--- AVAILABLE DATA ---
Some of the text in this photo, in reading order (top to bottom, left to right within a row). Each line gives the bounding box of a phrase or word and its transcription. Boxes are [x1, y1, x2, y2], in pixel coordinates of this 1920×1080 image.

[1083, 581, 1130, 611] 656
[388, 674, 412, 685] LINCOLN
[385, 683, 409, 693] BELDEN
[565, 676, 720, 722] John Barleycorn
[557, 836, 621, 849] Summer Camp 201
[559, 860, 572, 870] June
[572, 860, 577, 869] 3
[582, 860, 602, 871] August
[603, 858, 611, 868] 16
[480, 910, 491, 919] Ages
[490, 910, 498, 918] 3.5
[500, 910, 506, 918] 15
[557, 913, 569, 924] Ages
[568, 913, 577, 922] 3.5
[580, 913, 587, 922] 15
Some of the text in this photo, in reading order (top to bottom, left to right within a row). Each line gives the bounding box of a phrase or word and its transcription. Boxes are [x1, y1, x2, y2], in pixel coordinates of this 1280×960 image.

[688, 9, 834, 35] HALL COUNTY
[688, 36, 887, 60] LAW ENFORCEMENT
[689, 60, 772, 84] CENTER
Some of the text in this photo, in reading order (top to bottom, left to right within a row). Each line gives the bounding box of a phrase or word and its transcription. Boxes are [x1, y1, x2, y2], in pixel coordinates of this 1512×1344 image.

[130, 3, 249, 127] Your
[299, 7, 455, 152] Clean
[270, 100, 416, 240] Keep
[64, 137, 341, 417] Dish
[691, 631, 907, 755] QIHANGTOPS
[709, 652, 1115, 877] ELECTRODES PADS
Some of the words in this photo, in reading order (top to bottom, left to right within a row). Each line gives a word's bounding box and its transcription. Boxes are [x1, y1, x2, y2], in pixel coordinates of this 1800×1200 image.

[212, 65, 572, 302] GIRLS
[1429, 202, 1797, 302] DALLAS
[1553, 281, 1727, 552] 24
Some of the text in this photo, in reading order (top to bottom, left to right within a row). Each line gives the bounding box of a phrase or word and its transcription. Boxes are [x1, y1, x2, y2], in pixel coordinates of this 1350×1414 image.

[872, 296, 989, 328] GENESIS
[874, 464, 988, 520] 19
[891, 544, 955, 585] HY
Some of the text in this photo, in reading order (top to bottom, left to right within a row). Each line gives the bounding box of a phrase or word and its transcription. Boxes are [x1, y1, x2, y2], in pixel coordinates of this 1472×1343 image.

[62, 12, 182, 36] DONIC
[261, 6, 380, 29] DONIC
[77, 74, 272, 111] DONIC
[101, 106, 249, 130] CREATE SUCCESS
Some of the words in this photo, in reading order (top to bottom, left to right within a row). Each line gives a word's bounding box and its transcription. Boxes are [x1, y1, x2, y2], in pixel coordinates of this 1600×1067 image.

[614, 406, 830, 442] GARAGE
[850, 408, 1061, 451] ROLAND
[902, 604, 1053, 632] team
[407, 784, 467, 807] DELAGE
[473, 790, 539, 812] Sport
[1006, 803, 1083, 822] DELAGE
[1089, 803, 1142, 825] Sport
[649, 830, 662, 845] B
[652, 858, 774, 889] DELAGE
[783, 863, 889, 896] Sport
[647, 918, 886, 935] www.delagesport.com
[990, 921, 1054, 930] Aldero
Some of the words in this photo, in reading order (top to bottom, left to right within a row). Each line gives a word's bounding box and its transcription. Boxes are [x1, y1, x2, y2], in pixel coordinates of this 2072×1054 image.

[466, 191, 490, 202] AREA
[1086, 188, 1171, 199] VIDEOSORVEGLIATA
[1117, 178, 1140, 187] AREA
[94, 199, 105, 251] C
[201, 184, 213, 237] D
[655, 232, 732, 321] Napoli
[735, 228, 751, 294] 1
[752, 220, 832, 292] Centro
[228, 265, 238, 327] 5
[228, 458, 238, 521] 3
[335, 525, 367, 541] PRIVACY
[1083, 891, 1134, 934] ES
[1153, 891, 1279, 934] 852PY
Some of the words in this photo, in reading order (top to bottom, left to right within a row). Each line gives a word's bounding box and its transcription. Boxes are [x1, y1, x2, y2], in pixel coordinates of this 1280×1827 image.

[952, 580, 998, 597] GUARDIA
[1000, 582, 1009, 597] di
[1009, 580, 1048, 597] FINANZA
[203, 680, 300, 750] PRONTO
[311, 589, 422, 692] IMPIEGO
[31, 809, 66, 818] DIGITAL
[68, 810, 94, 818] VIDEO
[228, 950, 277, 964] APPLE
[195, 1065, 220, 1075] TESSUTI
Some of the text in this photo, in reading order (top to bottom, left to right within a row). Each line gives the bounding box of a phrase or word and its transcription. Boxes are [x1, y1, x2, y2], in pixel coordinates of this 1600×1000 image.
---
EXERCISE REQUIREMENTS | Each record above, in full: retype it verbatim.

COMPLETED EXERCISE |
Some of the text in this photo, in reading order (top to bottom, left to right within a row). Each line gives the bounding box of a phrase or word and its transcription. Boxes are [x1, y1, x2, y2], in pixel coordinates of this 1920×1080 image.

[1083, 581, 1130, 611] 656
[388, 674, 412, 685] LINCOLN
[385, 683, 409, 693] BELDEN
[565, 676, 720, 722] John Barleycorn
[557, 836, 621, 849] Summer Camp 201
[559, 860, 572, 870] June
[572, 860, 577, 869] 3
[582, 860, 602, 871] August
[603, 858, 611, 868] 16
[480, 910, 491, 919] Ages
[490, 910, 498, 918] 3.5
[500, 910, 506, 918] 15
[557, 913, 569, 924] Ages
[568, 913, 577, 922] 3.5
[580, 913, 587, 922] 15
Some of the text in this photo, in reading order (top to bottom, left to right within a row). Each line gives the bounding box of a phrase or word and its transcription. Boxes are [x1, y1, x2, y2], in pixel coordinates of this 1280×960 image.

[688, 9, 834, 35] HALL COUNTY
[688, 36, 887, 60] LAW ENFORCEMENT
[689, 60, 772, 84] CENTER
Some of the text in this photo, in reading order (top to bottom, left to right within a row). Each line gives the bounding box of a phrase or word and its transcription. Boxes are [x1, y1, x2, y2], in pixel coordinates of this 1512×1344 image.

[130, 3, 249, 127] Your
[299, 7, 455, 152] Clean
[270, 100, 416, 240] Keep
[64, 137, 341, 417] Dish
[691, 631, 907, 755] QIHANGTOPS
[709, 652, 1115, 877] ELECTRODES PADS
Some of the words in this photo, in reading order (top to bottom, left to right within a row). Each line gives a word's bounding box and its transcription. Boxes are [x1, y1, x2, y2], in pixel coordinates of this 1800×1200 image.

[212, 65, 572, 302] GIRLS
[1429, 202, 1797, 302] DALLAS
[1553, 281, 1727, 552] 24
Some of the text in this photo, in reading order (top to bottom, left to right within a row). Each line gives the bounding box of a phrase or word and its transcription. Boxes are [x1, y1, x2, y2], in pixel coordinates of this 1350×1414 image.

[872, 296, 989, 328] GENESIS
[874, 464, 988, 520] 19
[891, 544, 955, 585] HY
Some of the text in this photo, in reading order (top to bottom, left to right within a row). Each line gives the bounding box of a phrase or word and its transcription. Boxes are [x1, y1, x2, y2], in pixel coordinates of this 1472×1343 image.

[62, 12, 182, 36] DONIC
[261, 6, 380, 29] DONIC
[77, 74, 272, 111] DONIC
[101, 106, 249, 130] CREATE SUCCESS
Some of the words in this photo, in reading order (top to bottom, left to right within a row). Each line gives a word's bounding box and its transcription. Boxes are [x1, y1, x2, y2], in pixel coordinates of this 1600×1067 image.

[614, 406, 830, 442] GARAGE
[850, 408, 1061, 451] ROLAND
[902, 604, 1053, 632] team
[407, 784, 467, 807] DELAGE
[473, 790, 539, 812] Sport
[1006, 803, 1083, 822] DELAGE
[1089, 803, 1142, 825] Sport
[649, 830, 662, 845] B
[652, 858, 774, 889] DELAGE
[783, 863, 889, 896] Sport
[647, 918, 886, 935] www.delagesport.com
[990, 921, 1054, 930] Aldero
Some of the words in this photo, in reading order (top to bottom, left to right within a row). Each line gives a word's bounding box and its transcription. Boxes are [x1, y1, x2, y2], in pixel coordinates of this 2072×1054 image.

[466, 191, 490, 202] AREA
[1086, 188, 1171, 199] VIDEOSORVEGLIATA
[1117, 178, 1140, 187] AREA
[94, 199, 105, 251] C
[201, 184, 213, 237] D
[655, 232, 732, 321] Napoli
[735, 228, 751, 294] 1
[752, 220, 832, 292] Centro
[228, 265, 238, 327] 5
[228, 458, 238, 521] 3
[335, 525, 367, 541] PRIVACY
[1083, 891, 1134, 934] ES
[1153, 891, 1279, 934] 852PY
Some of the words in this photo, in reading order (top to bottom, left to right within a row). Each line gives a word's bounding box and its transcription. Boxes are [x1, y1, x2, y2], in pixel coordinates of this 1280×1827 image.

[952, 580, 998, 597] GUARDIA
[1000, 582, 1009, 597] di
[1009, 580, 1048, 597] FINANZA
[203, 680, 300, 750] PRONTO
[311, 589, 422, 692] IMPIEGO
[31, 809, 66, 818] DIGITAL
[68, 810, 94, 818] VIDEO
[228, 950, 277, 964] APPLE
[195, 1065, 220, 1075] TESSUTI
Some of the text in this photo, in reading order (top to bottom, left to right within a row). Each line gives the bounding box of a phrase or word and its transcription. Boxes are [x1, y1, x2, y2], in pixel coordinates of this 1600×1000 image.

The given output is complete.